What you should do: For every entry, reproduce the wording exactly and omit any image it holds.

Extracted material:
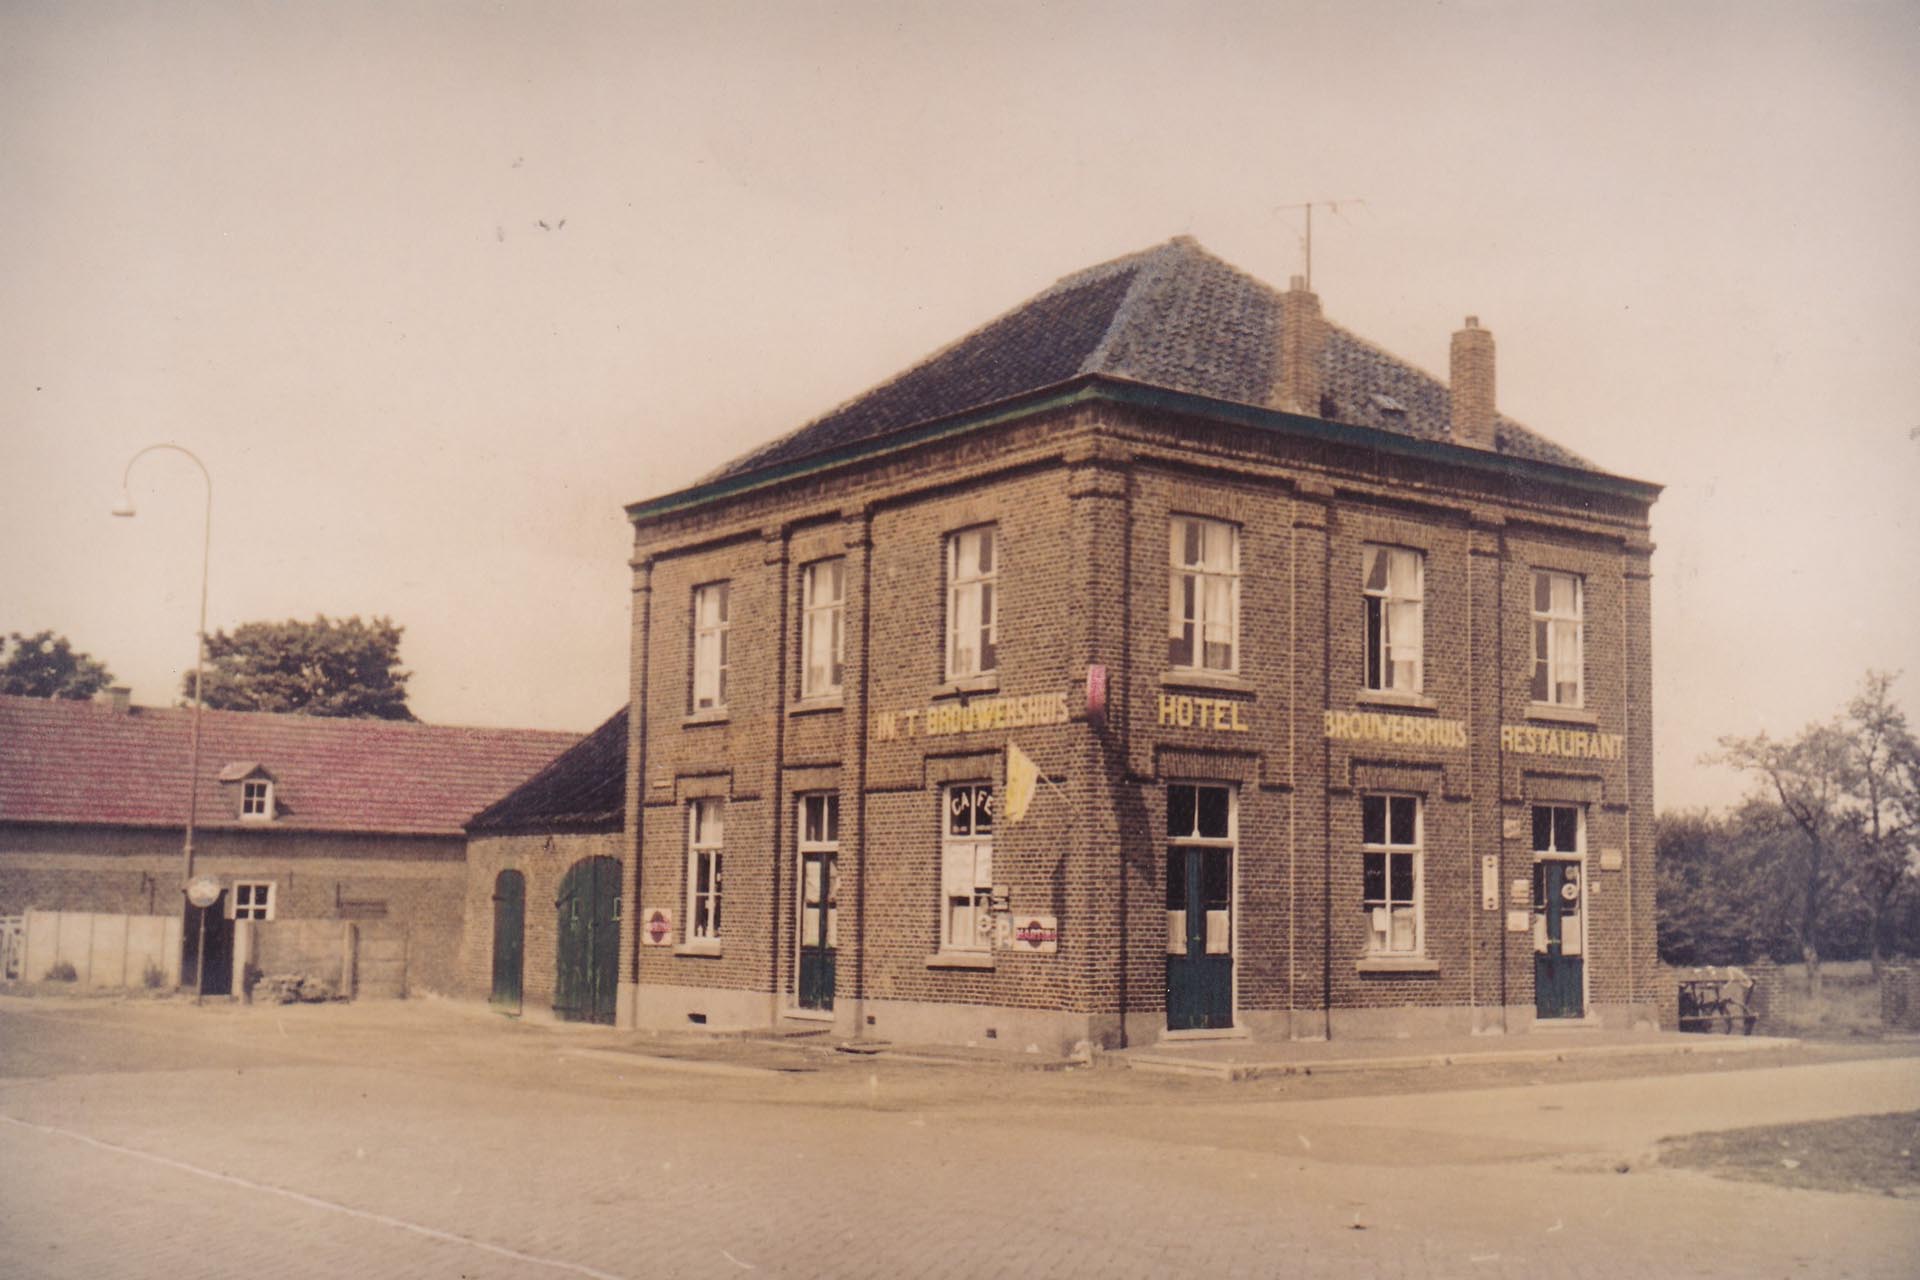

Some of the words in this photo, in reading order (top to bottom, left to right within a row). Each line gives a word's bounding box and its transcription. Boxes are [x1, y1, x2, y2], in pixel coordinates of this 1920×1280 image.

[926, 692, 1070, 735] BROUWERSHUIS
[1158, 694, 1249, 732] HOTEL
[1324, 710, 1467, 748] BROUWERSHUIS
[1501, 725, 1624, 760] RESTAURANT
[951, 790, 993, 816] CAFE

Reply to the task:
Some of the words in this photo, in reading order (top to bottom, left to right within a row). Each line gives a word's bounding box and its transcription. Boxes are [x1, y1, x2, y2], in pixel coordinates of this 1920×1280 image.

[926, 692, 1070, 735] BROUWERSHUIS
[1158, 694, 1249, 732] HOTEL
[1324, 710, 1467, 748] BROUWERSHUIS
[1501, 725, 1624, 760] RESTAURANT
[951, 790, 993, 816] CAFE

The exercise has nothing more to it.